(Stored data Opens)
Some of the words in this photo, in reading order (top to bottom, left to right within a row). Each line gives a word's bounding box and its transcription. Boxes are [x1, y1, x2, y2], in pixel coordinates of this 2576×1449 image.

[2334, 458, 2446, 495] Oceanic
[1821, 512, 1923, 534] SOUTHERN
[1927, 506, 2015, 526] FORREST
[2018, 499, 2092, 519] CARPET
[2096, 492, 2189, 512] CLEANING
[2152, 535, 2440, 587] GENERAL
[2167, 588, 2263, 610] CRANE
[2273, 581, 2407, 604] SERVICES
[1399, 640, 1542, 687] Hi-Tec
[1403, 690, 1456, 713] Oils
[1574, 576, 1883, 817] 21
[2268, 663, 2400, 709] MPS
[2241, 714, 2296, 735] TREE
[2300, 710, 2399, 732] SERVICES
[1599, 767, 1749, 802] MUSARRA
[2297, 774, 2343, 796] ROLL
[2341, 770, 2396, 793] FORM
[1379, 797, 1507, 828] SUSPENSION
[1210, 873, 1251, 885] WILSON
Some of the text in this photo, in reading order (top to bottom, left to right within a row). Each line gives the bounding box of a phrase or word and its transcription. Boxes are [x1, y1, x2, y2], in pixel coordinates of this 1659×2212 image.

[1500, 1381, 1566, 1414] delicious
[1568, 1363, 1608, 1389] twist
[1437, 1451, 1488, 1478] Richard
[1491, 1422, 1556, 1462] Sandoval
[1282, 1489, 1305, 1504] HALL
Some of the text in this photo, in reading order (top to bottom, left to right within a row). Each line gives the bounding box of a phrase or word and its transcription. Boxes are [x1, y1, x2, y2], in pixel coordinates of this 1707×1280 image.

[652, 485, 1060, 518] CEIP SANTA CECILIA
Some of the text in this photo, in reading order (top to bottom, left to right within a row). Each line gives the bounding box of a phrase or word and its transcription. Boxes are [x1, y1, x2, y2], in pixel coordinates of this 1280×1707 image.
(Stored data Closes)
• Task goal:
None of the records may be omitted; each is to be printed exactly.

• Reply to the exercise:
Some of the words in this photo, in reading order (top to bottom, left to right within a row). Each line gives a word's bounding box and its transcription. Boxes are [x1, y1, x2, y2], in pixel coordinates of this 2576×1449 image.

[2334, 458, 2446, 495] Oceanic
[1821, 512, 1923, 534] SOUTHERN
[1927, 506, 2015, 526] FORREST
[2018, 499, 2092, 519] CARPET
[2096, 492, 2189, 512] CLEANING
[2152, 535, 2440, 587] GENERAL
[2167, 588, 2263, 610] CRANE
[2273, 581, 2407, 604] SERVICES
[1399, 640, 1542, 687] Hi-Tec
[1403, 690, 1456, 713] Oils
[1574, 576, 1883, 817] 21
[2268, 663, 2400, 709] MPS
[2241, 714, 2296, 735] TREE
[2300, 710, 2399, 732] SERVICES
[1599, 767, 1749, 802] MUSARRA
[2297, 774, 2343, 796] ROLL
[2341, 770, 2396, 793] FORM
[1379, 797, 1507, 828] SUSPENSION
[1210, 873, 1251, 885] WILSON
Some of the text in this photo, in reading order (top to bottom, left to right within a row). Each line gives the bounding box of a phrase or word and its transcription. Boxes are [x1, y1, x2, y2], in pixel coordinates of this 1659×2212 image.

[1500, 1381, 1566, 1414] delicious
[1568, 1363, 1608, 1389] twist
[1437, 1451, 1488, 1478] Richard
[1491, 1422, 1556, 1462] Sandoval
[1282, 1489, 1305, 1504] HALL
Some of the text in this photo, in reading order (top to bottom, left to right within a row). Each line gives the bounding box of a phrase or word and its transcription. Boxes are [x1, y1, x2, y2], in pixel coordinates of this 1707×1280 image.

[652, 485, 1060, 518] CEIP SANTA CECILIA
Some of the text in this photo, in reading order (top to bottom, left to right within a row). Each line gives the bounding box of a phrase or word and its transcription. Boxes are [x1, y1, x2, y2], in pixel coordinates of this 1280×1707 image.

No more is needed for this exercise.